Need to use up leftover eggnog? Make eggnog overnight oats for an easy and healthy holiday inspired breakfast. Can easily be made gluten-free, dairy-free and/or vegan.
My dairy-free eggnog recipe inspired me to get creative in the kitchen and whip up a tasty little holiday breakfast — eggnog overnight oats.
Like most overnight oat recipes, these eggnog overnight oats are super simple. I basically just swapped my normal unsweetened almond milk for eggnog, topped it with fresh nutmeg and pomegranate arils and voila — eggnog overnight oats were born!
This was my first time working with whole nutmeg and surprisingly, it wasn’t hard at all. I just used my microplane zester/grater to grate the seed and I quickly had a fine dusting of fragrant nutmeg.
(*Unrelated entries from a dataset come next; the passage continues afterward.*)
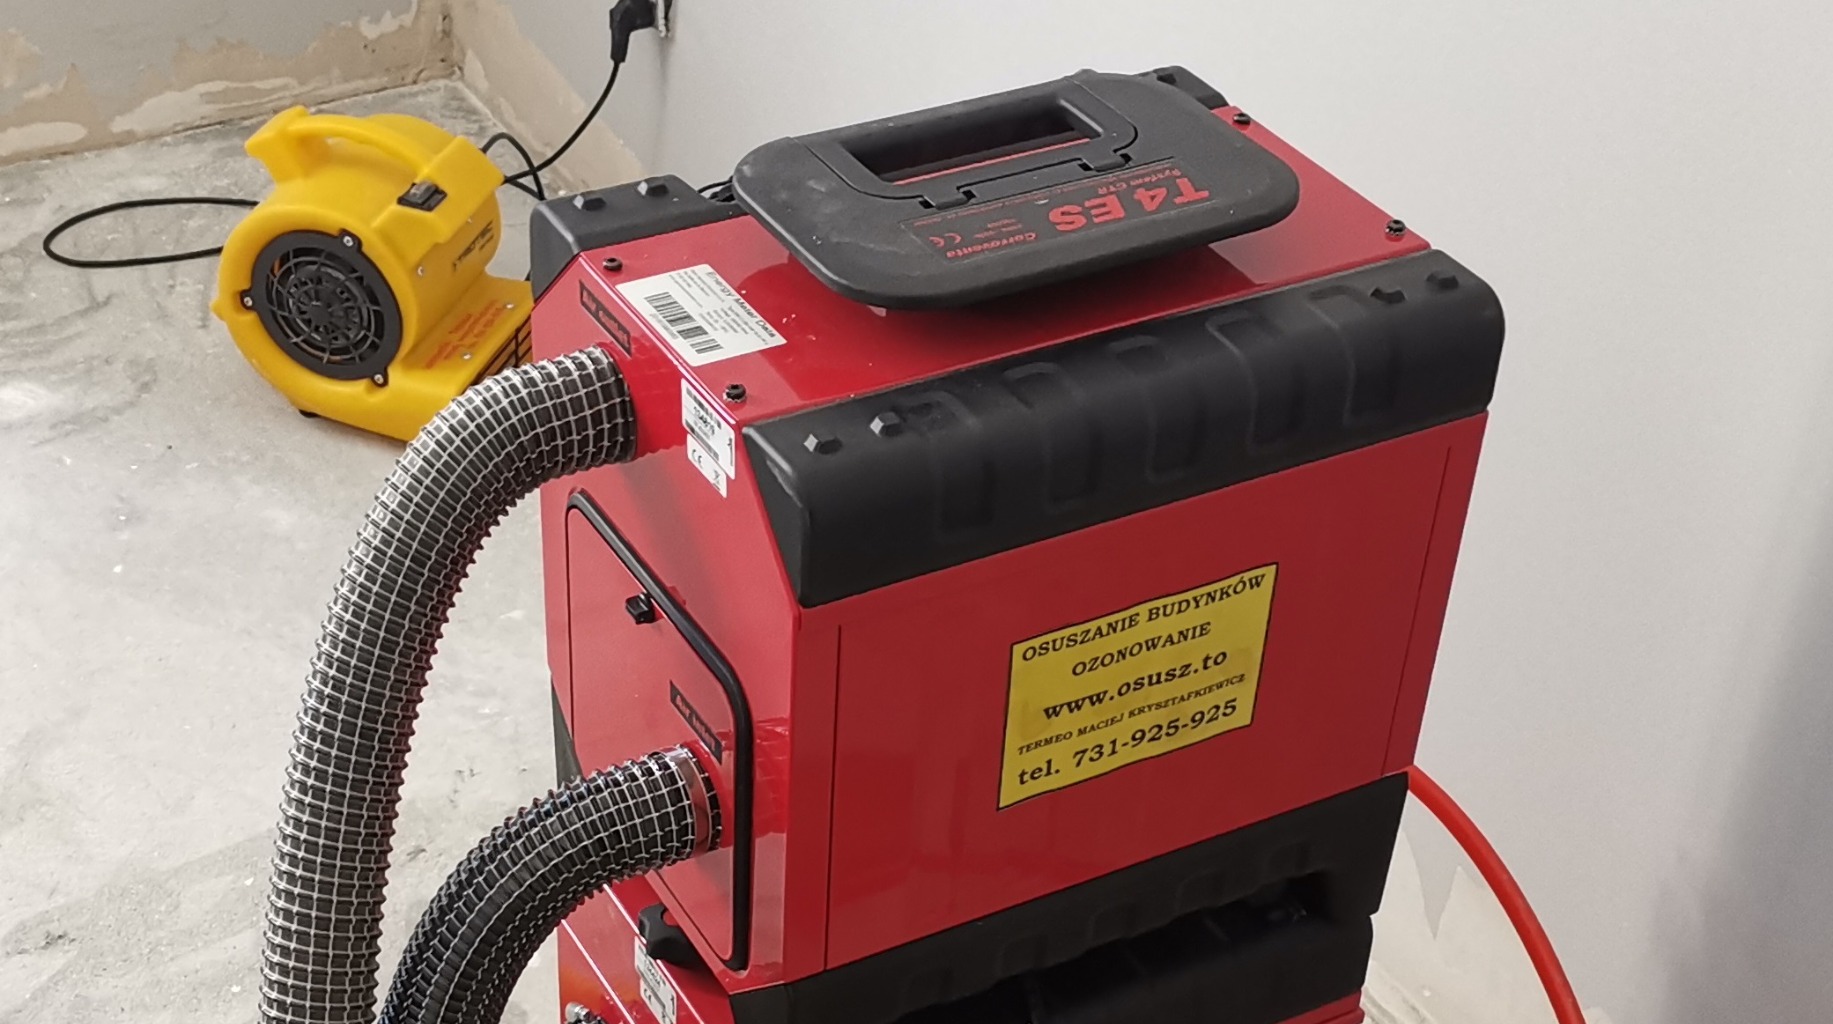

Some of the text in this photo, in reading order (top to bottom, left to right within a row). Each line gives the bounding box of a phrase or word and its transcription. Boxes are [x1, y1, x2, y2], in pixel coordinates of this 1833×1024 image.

[1048, 193, 1127, 232] ES
[1133, 177, 1211, 213] T4
[946, 231, 1037, 258] Corroventa
[705, 271, 735, 297] Energy
[755, 320, 776, 337] Data
[1021, 573, 1266, 662] OSUSZANIE BUDYNKÓW
[1071, 621, 1212, 677] OZONOWANIE
[1017, 673, 1246, 756] TERMEO MACIEJ KRYSZTAFKIEWICZ
[1042, 650, 1228, 721] www.osusz.to
[1017, 697, 1238, 786] tel. 731-925-925
Ingredients in Egg Nog Overnight Oats
old fashioned rolled oats – rolled oats are the best for overnight oats. Instant/quick oats and steel cut oats don’t work the same because they don’t absorb liquid the same way rolled oats do.
milk – I’ve made the oats with leftover homemade diary-free nog and with store-bought vegan coconut milk eggnog — and they’ve all been delicious! If you don’t have leftover eggnog to use, that’s totally fine too. You can make these eggnog overnight oats with milk (I like using unsweetened vanilla almond milk).
vanilla protein powder– I like adding vanilla protein powder for a little extra protein. If you don’t do protein powder you can leave this out or add in 1/4 cup yogurt for extra protein.
chia seeds – these little seeds add a bit of fiber, protein and omega-3 fatty acids and they help absorb some of the liquid which gives the oats a thicker consistency.
cinnamon – for some spice.
freshly grated nutmeg and pomegranate arils – the real key to making these eggnog overnight oats super festive is the pomegranate arils and fresh nutmeg.
Overnight Oats Ratio
The base “recipe” for overnight oats is so simple! The hardest part is getting the right ratio of oats to liquid, but if you follow my recipes you’ll be set!
I aim for a 1:1 ratio of rolled oats to milk, plus half as much yogurt. So for 1 cup of oats, I use 1 cup of milk + 1/2 cup of yogurt (or an additional 1/2 cup of milk). This seems to give the oats the perfect consistency, not too thick, but not soupy. For the liquid, I usually go for non-dairy milk like almond milk, but you can use whatever milk you have on hand and if you really want to experiment you can try using different liquids like fruit juice.
How Long Do Overnight Oats Need to Soak?
Given the name, you’d assume overnight oats need to soak overnight, but you can actually make them in 2-4 hours if you’re in a rush. While it does take some time for the oats to absorb the liquid, they don’t necessarily have to be soaked overnight. I recommend at least 8 hours for true overnight oats, but there have been mornings where I decide I want overnight oats for breakfast even though I didn’t prep them the night before. When this happens I’ll make them the morning of and let the oats soak for just 2-4 hours. With this quick soak, they’re not as soft as overnight oats that have soaked longer and they’re a bit more liquidy, but they’re still delicious.
How Long Do Overnight Oats Last?
When stored in an airtight container in the fridge overnight oats should last for up to 5 days. They will soften more the longer they sit so I find they’re best on days 1-3, but they’re still safe to eat on days 4 and 5. With this said, overnight oats are great for meal prep. Feel free to make a whole batch for the week on Sunday. I like prepping them in wide mouth 16 oz mason jars.
If you try these eggnog overnight oats be sure to let me know how they turn out by leaving a comment and star rating below. Your feedback is super helpful for me and other EBF readers who are thinking about making the recipe.
Vegan Eggnog Overnight Oats
5 from 2 votes
Use up leftover eggnog with this recipe for eggnog overnight oats — an easy and healthy holiday inspired breakfast.
Mix ingredients: Combine oats, eggnog, protein powder (if using), chia seeds and cinnamon in small container and seal with a lid.
Refrigerate: Place in the fridge overnight.
Serve: Bring out of the fridge in the morning and stir. You’ll notice that the oats and protein powder soak up a lot of the liquid so you may want to add a little more eggnog or milk before serving. Top oats with pomegranate arils and a sprinkle of freshly grated nutmeg and enjoy.
eggnog – for the eggnog, you can use whatever type of eggnog you have on hand. I’ve made it with homemade dairy-free eggnog and store-bought vegan coconut milk eggnog.vanilla protein powder– I like adding vanilla protein powder for a little extra protein. If you don’t do protein powder you can leave this out or add in 1/4 cup yogurt for extra protein.milk – no eggnog? No problem. Just use 3/4 cup of almond milk and add in 1/2 teaspoon of cinnamon, 1/4 teaspoon of freshly ground nutmeg and 1/4 teaspoon rum extract (optional).